I never thought I had anything in common with Bill Oddie, but something miraculous happened a month ago. I put up a bird table outside my conservatory window.

At first it was shunned by the local inhabitants, but recently I have spent far more time watching my new visitors than glued to the telly – and it's been a bloody sight more entertaining. Armed with a book of British birds,

I've identified blue tits, green finches, sparrows, blackbirds, goldfinches, chaffinches, wagtails and a glamorous woodpecker, left. Starting last Tuesday, 30,000 people have been taking part in the biggest ever bird survey in Britain (www.birdatlas.net) and the findings will be published early in the next decade.

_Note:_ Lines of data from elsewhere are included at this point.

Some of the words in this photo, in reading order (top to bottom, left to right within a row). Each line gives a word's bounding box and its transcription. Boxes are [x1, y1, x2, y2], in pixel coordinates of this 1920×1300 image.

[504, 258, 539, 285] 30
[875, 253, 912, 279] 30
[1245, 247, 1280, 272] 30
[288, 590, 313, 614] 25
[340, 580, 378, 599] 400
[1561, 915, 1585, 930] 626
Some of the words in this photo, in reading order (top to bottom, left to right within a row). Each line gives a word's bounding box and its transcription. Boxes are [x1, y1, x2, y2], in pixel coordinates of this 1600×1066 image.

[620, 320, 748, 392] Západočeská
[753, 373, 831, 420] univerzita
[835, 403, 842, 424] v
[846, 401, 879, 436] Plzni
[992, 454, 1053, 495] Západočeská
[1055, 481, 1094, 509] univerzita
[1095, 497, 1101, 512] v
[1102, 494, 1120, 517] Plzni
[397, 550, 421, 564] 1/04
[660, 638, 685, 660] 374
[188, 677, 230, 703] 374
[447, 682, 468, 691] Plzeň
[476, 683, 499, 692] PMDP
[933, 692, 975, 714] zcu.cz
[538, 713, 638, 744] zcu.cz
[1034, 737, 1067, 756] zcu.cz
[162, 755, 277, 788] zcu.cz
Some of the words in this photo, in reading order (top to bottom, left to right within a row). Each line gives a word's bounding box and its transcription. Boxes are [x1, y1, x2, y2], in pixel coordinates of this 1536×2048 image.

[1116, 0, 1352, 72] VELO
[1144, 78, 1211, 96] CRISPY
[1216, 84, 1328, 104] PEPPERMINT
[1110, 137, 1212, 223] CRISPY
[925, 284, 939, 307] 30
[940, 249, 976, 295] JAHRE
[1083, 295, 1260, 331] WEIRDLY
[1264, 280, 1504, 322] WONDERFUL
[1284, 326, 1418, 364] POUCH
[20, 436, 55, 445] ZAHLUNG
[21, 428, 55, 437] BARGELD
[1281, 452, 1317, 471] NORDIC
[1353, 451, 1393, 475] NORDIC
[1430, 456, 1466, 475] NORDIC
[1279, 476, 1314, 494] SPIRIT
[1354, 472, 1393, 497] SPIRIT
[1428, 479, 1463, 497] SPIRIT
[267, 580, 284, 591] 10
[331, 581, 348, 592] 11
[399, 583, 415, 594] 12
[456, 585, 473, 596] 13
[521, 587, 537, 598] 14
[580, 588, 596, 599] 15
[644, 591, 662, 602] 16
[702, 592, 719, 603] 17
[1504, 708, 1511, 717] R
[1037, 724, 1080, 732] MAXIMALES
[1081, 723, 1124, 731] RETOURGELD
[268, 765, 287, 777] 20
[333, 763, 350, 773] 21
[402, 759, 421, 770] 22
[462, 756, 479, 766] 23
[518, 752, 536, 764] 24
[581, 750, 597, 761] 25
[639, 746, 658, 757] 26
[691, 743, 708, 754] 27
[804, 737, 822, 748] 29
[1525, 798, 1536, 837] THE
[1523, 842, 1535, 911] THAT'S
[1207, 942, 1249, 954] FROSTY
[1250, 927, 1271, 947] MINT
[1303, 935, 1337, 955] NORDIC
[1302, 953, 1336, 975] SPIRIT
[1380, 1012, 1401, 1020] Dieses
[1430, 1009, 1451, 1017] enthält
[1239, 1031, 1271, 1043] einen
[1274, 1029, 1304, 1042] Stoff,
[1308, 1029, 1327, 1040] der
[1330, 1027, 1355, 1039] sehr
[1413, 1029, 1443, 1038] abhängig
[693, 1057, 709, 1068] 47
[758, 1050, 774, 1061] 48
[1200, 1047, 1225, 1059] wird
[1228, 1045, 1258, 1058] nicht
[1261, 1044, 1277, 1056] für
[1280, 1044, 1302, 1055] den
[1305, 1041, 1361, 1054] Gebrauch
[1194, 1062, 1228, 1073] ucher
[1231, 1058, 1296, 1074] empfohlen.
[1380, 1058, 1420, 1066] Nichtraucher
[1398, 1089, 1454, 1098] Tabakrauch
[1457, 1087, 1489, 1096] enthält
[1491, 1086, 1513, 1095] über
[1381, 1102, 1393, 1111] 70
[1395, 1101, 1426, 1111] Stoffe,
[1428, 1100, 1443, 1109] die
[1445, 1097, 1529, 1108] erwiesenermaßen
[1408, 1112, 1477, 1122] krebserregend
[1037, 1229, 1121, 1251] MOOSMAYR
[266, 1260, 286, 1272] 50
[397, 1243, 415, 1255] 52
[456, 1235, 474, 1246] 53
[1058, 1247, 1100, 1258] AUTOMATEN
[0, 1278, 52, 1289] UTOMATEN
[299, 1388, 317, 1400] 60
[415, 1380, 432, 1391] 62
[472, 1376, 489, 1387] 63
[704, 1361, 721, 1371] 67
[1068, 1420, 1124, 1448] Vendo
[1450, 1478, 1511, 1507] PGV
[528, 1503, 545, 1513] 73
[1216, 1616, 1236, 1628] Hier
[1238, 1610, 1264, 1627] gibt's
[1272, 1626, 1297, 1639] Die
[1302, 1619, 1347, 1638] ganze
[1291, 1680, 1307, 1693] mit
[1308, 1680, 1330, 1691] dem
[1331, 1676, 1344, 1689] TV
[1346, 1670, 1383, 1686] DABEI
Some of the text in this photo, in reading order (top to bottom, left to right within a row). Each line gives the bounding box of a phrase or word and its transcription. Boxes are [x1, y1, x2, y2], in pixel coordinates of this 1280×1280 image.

Sadly, my patch of the Yorkshire Dales is already allocated.

* The latest food to be demonised by the healthy eating fanatics is the humble sausage. Medical experts claim that eating 50g of processed meat a day – that's one banger or three rashers of bacon – can increase your chance of contracting bowel cancer by 20 per cent.

At this rate, most of the food enjoyed by our European neighbours will be designated too dangerous for us to sample – from delicious salamis and pates to parma and Serrano hams.

I'm sorry, but swapping a sausage for a tuna sandwich doesn't ring my bell.

This piece of dietary information coincides with the launch of Bowel Cancer Awareness month (is there a month in the calendar when we aren't being asked to be "aware" of something?) and, although I'm sure that we could all eat a little more healthily, the food police and their doom-laden press releases have become a daily occurrence.

Food makes us happy – and I haven't noticed the population of Paris or Barcelona suffering ill-effects from their diet.